▸ **Work request**
Omit the images and output every line of the data below exactly.

BEGIN Data for analysis

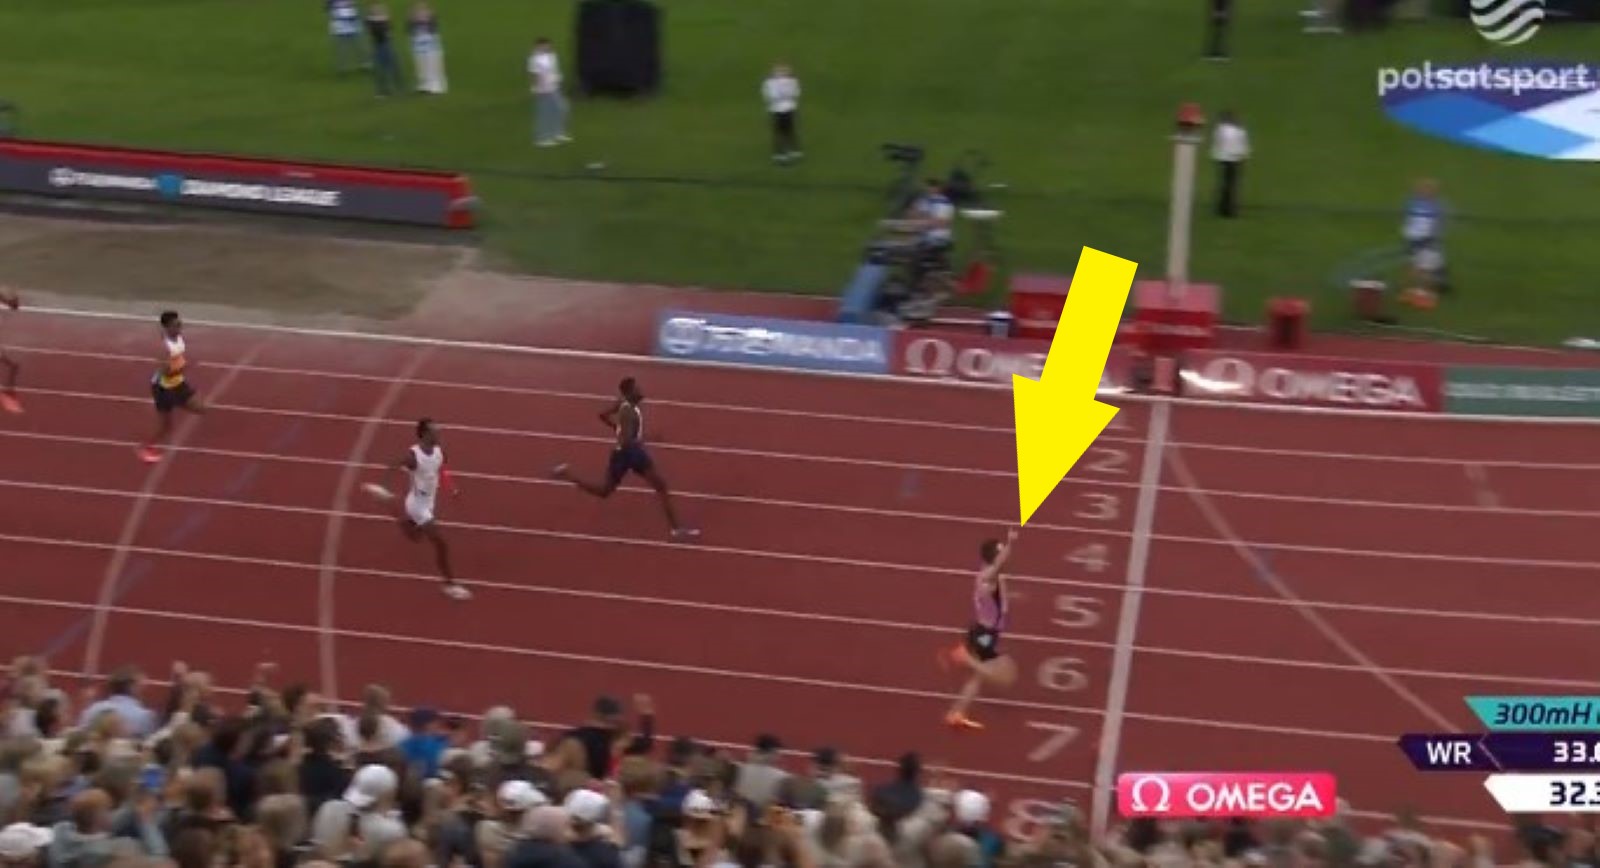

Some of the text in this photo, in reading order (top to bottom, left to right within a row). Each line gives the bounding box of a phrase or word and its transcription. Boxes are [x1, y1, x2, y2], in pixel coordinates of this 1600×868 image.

[1259, 367, 1426, 407] OMEGA
[1083, 447, 1129, 474] 2
[1073, 493, 1119, 521] 3
[1064, 544, 1112, 572] 4
[1051, 595, 1105, 628] 5
[1037, 657, 1089, 691] 6
[1025, 721, 1082, 762] 7
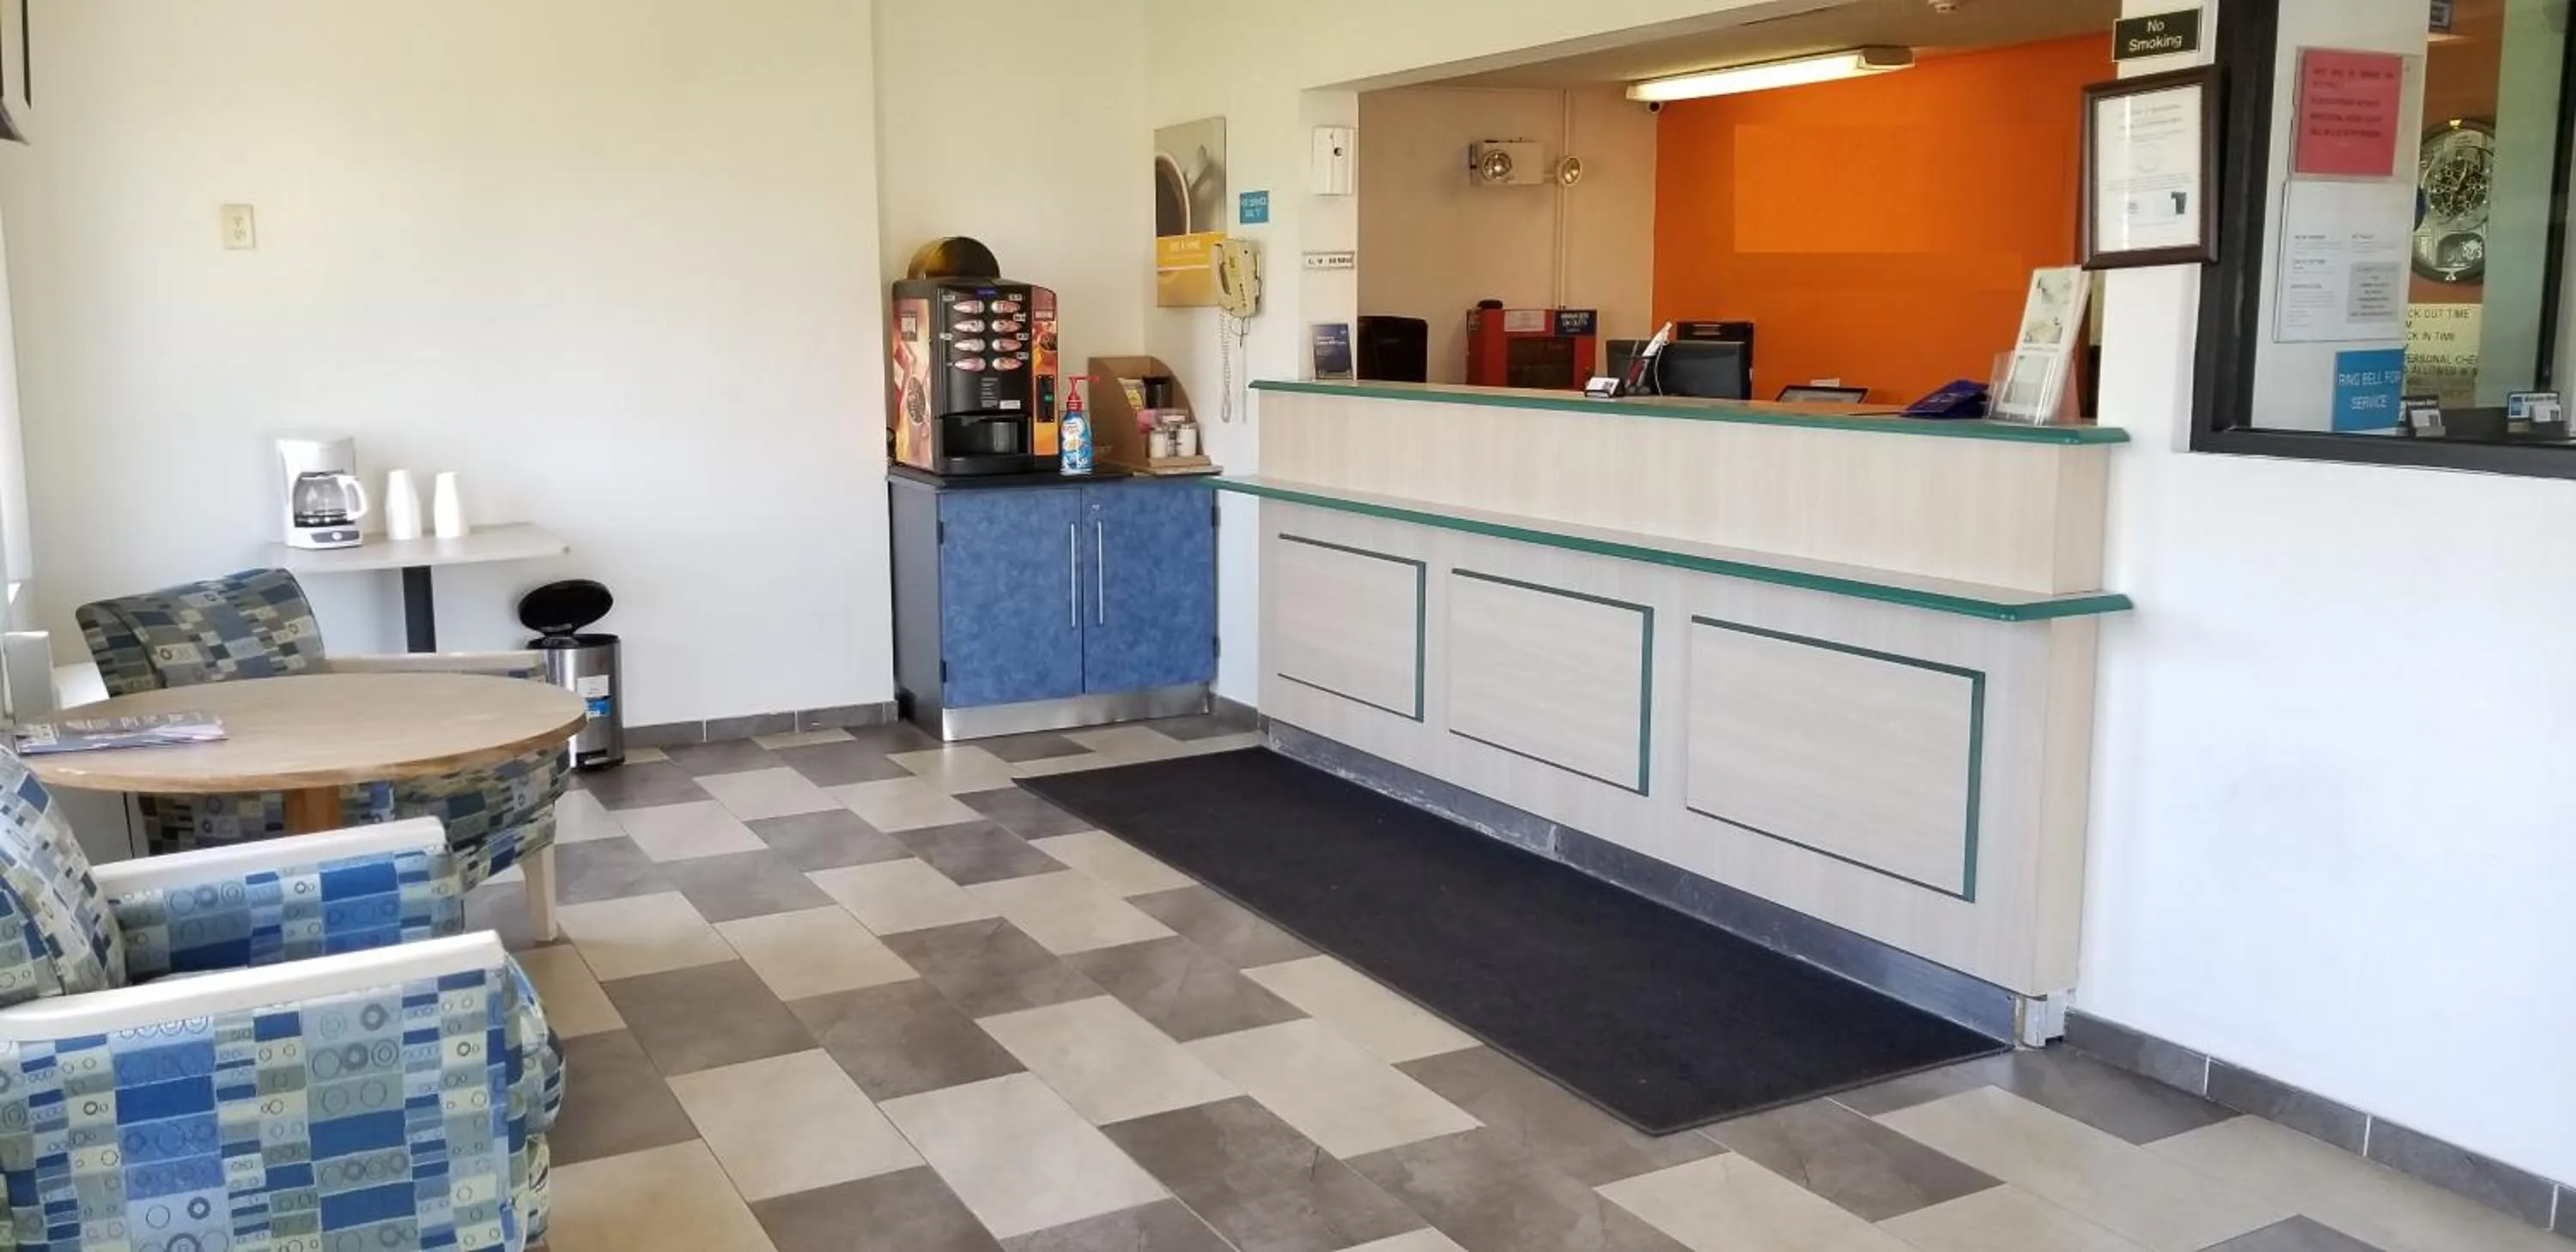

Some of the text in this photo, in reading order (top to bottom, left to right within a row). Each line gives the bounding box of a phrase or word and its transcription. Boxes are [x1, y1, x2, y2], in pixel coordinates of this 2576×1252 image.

[2147, 19, 2165, 33] No
[2129, 35, 2182, 52] Smoking
[2338, 372, 2360, 386] RING
[2361, 370, 2382, 386] BELL
[2350, 394, 2388, 410] SERVICE

END Data for analysis

▸ **Exercise result**
Some of the text in this photo, in reading order (top to bottom, left to right within a row). Each line gives the bounding box of a phrase or word and its transcription. Boxes are [x1, y1, x2, y2], in pixel coordinates of this 1600×868 image.

[1259, 367, 1426, 407] OMEGA
[1083, 447, 1129, 474] 2
[1073, 493, 1119, 521] 3
[1064, 544, 1112, 572] 4
[1051, 595, 1105, 628] 5
[1037, 657, 1089, 691] 6
[1025, 721, 1082, 762] 7

Some of the text in this photo, in reading order (top to bottom, left to right within a row). Each line gives the bounding box of a phrase or word and its transcription. Boxes are [x1, y1, x2, y2], in pixel coordinates of this 2576×1252 image.

[2147, 19, 2165, 33] No
[2129, 35, 2182, 52] Smoking
[2338, 372, 2360, 386] RING
[2361, 370, 2382, 386] BELL
[2350, 394, 2388, 410] SERVICE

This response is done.